Nothing
#' Fit spatial generalized autoregressive models
#'
#' @description Fit spatial generalized linear models for areal data
#' (i.e., spatial generalized autoregressive models)
#' using a variety of estimation methods, allowing for random effects,
#' partition factors, and row standardization.
#'
#' @param formula A two-sided linear formula describing the fixed effect structure
#' of the model, with the response to the left of the \code{~} operator and
#' the terms, separated by \code{+} operators, on the right.
#' @param family The generalized linear model family describing the distribution
#' of the response variable to be used. Available options
#' \code{"poisson"}, \code{"nbinomial"}, \code{"binomial"},
#' \code{"beta"}, \code{"Gamma"}, and \code{"inverse.gaussian"}.
#' Can be quoted or unquoted.

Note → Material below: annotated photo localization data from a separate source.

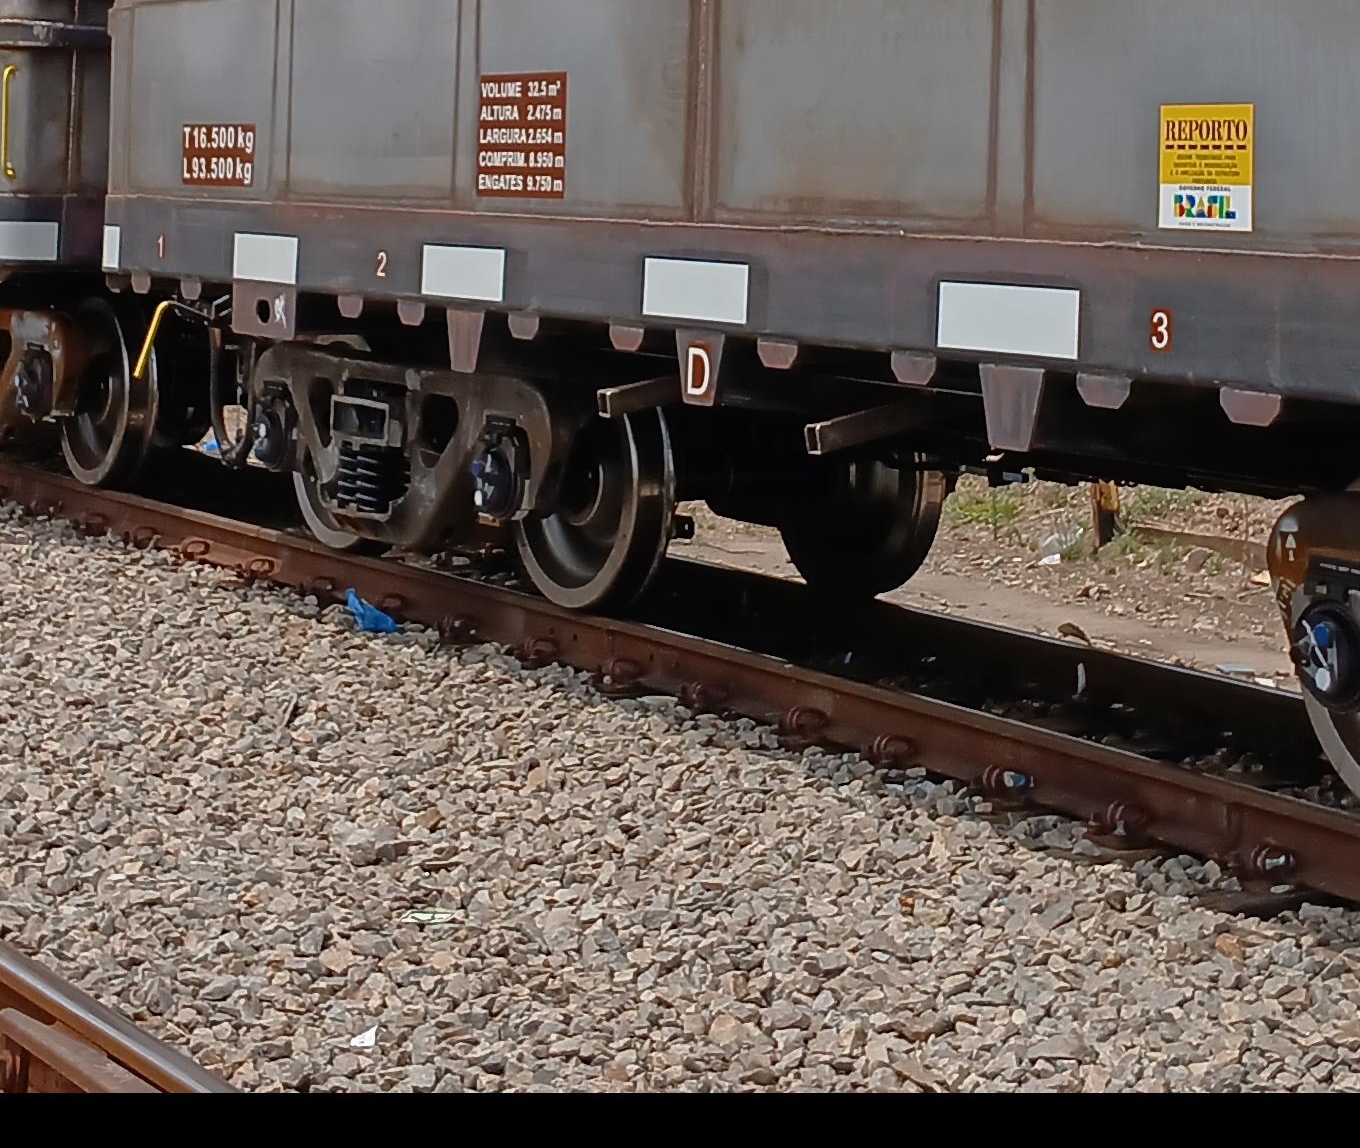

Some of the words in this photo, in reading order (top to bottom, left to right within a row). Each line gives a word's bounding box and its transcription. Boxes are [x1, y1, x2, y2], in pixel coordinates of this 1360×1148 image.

[481, 82, 522, 98] VOLUME
[480, 105, 520, 121] ALTURA
[527, 104, 552, 121] 2.475
[183, 127, 191, 149] T
[193, 126, 235, 149] 16.500
[237, 126, 254, 154] kg
[479, 128, 527, 144] LARGURA
[1165, 119, 1248, 142] REPORTO
[183, 157, 191, 178] L
[192, 157, 234, 179] 93.500
[235, 157, 252, 185] kg
[478, 174, 524, 191] ENGATES
[1174, 194, 1237, 220] BRASIL
[157, 235, 165, 258] 1
[376, 251, 388, 277] 2
[1152, 312, 1168, 348] 3
[687, 346, 710, 396] D

Note that the \code{family} argument
#' only takes a single value, rather than the list structure used by [stats::glm].
#' See Details for more.
#' @param data A data frame or \code{sf} object that contains
#' the variables in \code{fixed}, \code{random}, and \code{partition_factor},
#' as well as potentially geographical information.
#' @param spcov_type The spatial covariance type. Available options include
#' \code{"car"}, \code{"sar"}, \code{"none"}, and \code{"ie"}. Parameterizations of each spatial covariance type are
#' available in Details. When \code{spcov_type} is specified, relevant spatial
#' covariance parameters are assumed unknown, requiring estimation.
#' \code{spcov_type} is not required (and is
#' ignored) if \code{spcov_initial} is provided. Multiple values can be
#' provided in a character vector. Then \code{spgautor()} is called iteratively
#' for each element and a list is returned for each model fit.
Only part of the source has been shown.